Differentiable Evolutionary Reinforcement Learning

Sitao Cheng*, Tianle Li*, Xuhan Huang*, Xunjian Yin, Difan Zou

ArXiv Preprint 2025

TL;DR

DERL makes reward function design differentiable by evolving structured reward primitives with meta-gradients, enabling autonomous discovery of optimal reward signals that achieve state-of-the-art on robotic, scientific, and mathematical reasoning tasks.

The design of effective reward functions presents a central and often arduous challenge in reinforcement learning (RL), particularly when developing autonomous agents for complex reasoning tasks. While automated reward optimization approaches exist, they typically rely on derivative-free evolutionary heuristics that treat the reward function as a black box, failing to capture the causal relationship between reward structure and task performance. To bridge this gap, we propose Differentiable Evolutionary Reinforcement Learning (DERL), a bi-level framework that enables the autonomous discovery of optimal reward signals. In DERL, a Meta-Optimizer evolves a reward function (i.e., Meta-Reward) by composing structured atomic primitives, guiding the training of an inner-loop policy. Crucially, unlike previous evolution, DERL is differentiable in its meta-optimization: it treats the inner-loop validation performance as a signal to update the Meta-Optimizer via reinforcement learning. This allows DERL to approximate the "meta-gradient" of task success, progressively learning to generate denser and more actionable feedback. We validate DERL across three distinct domains: robotic agent (ALFWorld), scientific simulation (ScienceWorld), and mathematical reasoning (GSM8k, MATH). Experimental results show that DERL achieves state-of-the-art performance on ALFWorld and ScienceWorld, significantly outperforming methods relying on heuristic rewards, especially in out-of-distribution scenarios. Analysis of the evolutionary trajectory demonstrates that DERL successfully captures the intrinsic structure of tasks, enabling self-improving agent alignment without human intervention.

Overview of DERL framework showing Meta-Optimizer generating parameterized Meta-Reward with validation performance feedback, alongside performance comparisons across tasks — **Figure 1.** Overview of DERL. Left: the Meta-Optimizer generates a parameterized Meta-Reward; validation performance feeds back to update it via policy gradients. Right: performance comparisons of outcome reward, average reward, and Meta-Reward across tasks.

The Reward Design Problem

Reinforcement learning has a dirty secret: the hardest part isn't the algorithm -- it's the reward function.

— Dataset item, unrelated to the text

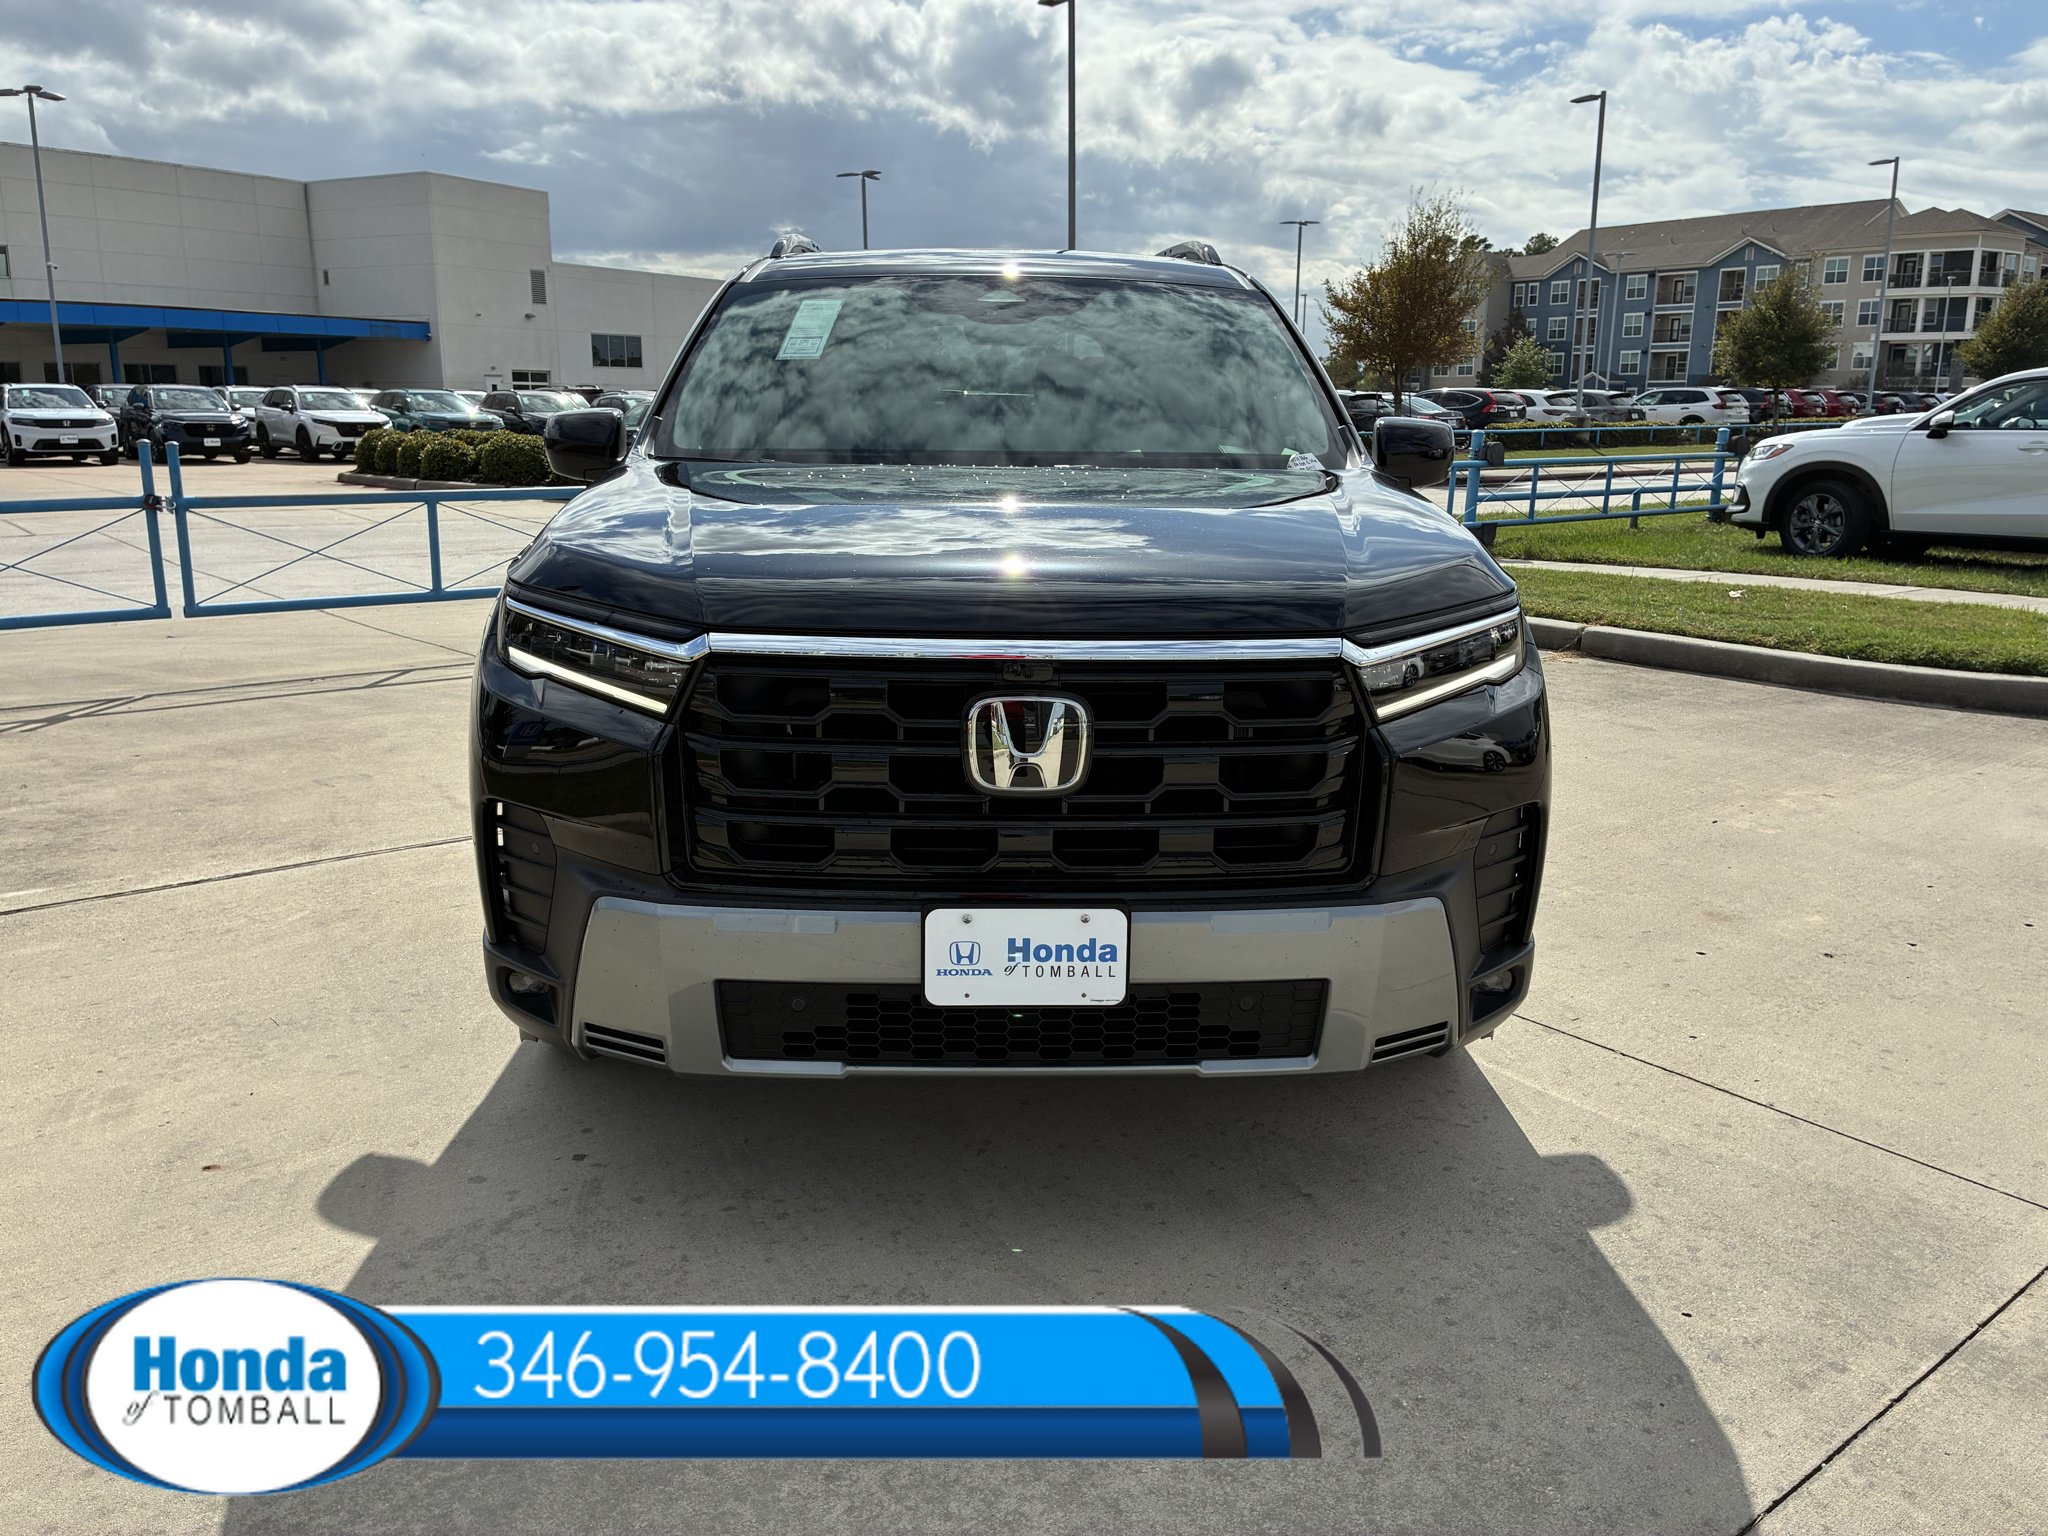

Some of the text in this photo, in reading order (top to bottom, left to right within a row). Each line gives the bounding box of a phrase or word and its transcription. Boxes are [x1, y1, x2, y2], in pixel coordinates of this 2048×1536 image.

[1007, 937, 1118, 963] Honda
[935, 968, 994, 977] HONDA
[1004, 962, 1117, 978] of TOMBALL

Getting the reward right often requires extensive trial and error, domain expertise, and sometimes luck. A poorly designed reward leads to agents that technically optimize what you asked for but not what you actually wanted.

Existing approaches to automatic reward design treat the reward function as a black box, using evolutionary heuristics to search for better rewards. But evolution is slow and inefficient -- it can't see the causal relationship between reward structure and task performance.

How DERL Works

DERL bridges this gap with a key insight: what if we could make the evolutionary process differentiable? Instead of blind mutation and selection, what if we could compute gradients that tell us exactly how to improve the reward function?

Compose Structured Rewards

The Meta-Optimizer generates reward functions by composing structured atomic primitives into computational graphs, producing a parameterized Meta-Reward.

Train Inner-Loop Policy

An inner-loop policy is trained using GRPO with the generated Meta-Reward, learning to solve tasks guided by the evolved reward signal.

Evaluate on Validation

The trained policy is evaluated on a held-out validation set. This validation performance serves as the learning signal for the Meta-Optimizer.

Update via Meta-Gradient

The Meta-Optimizer is updated through reinforcement learning, approximating the meta-gradient of task success with respect to reward structure -- making evolution differentiable.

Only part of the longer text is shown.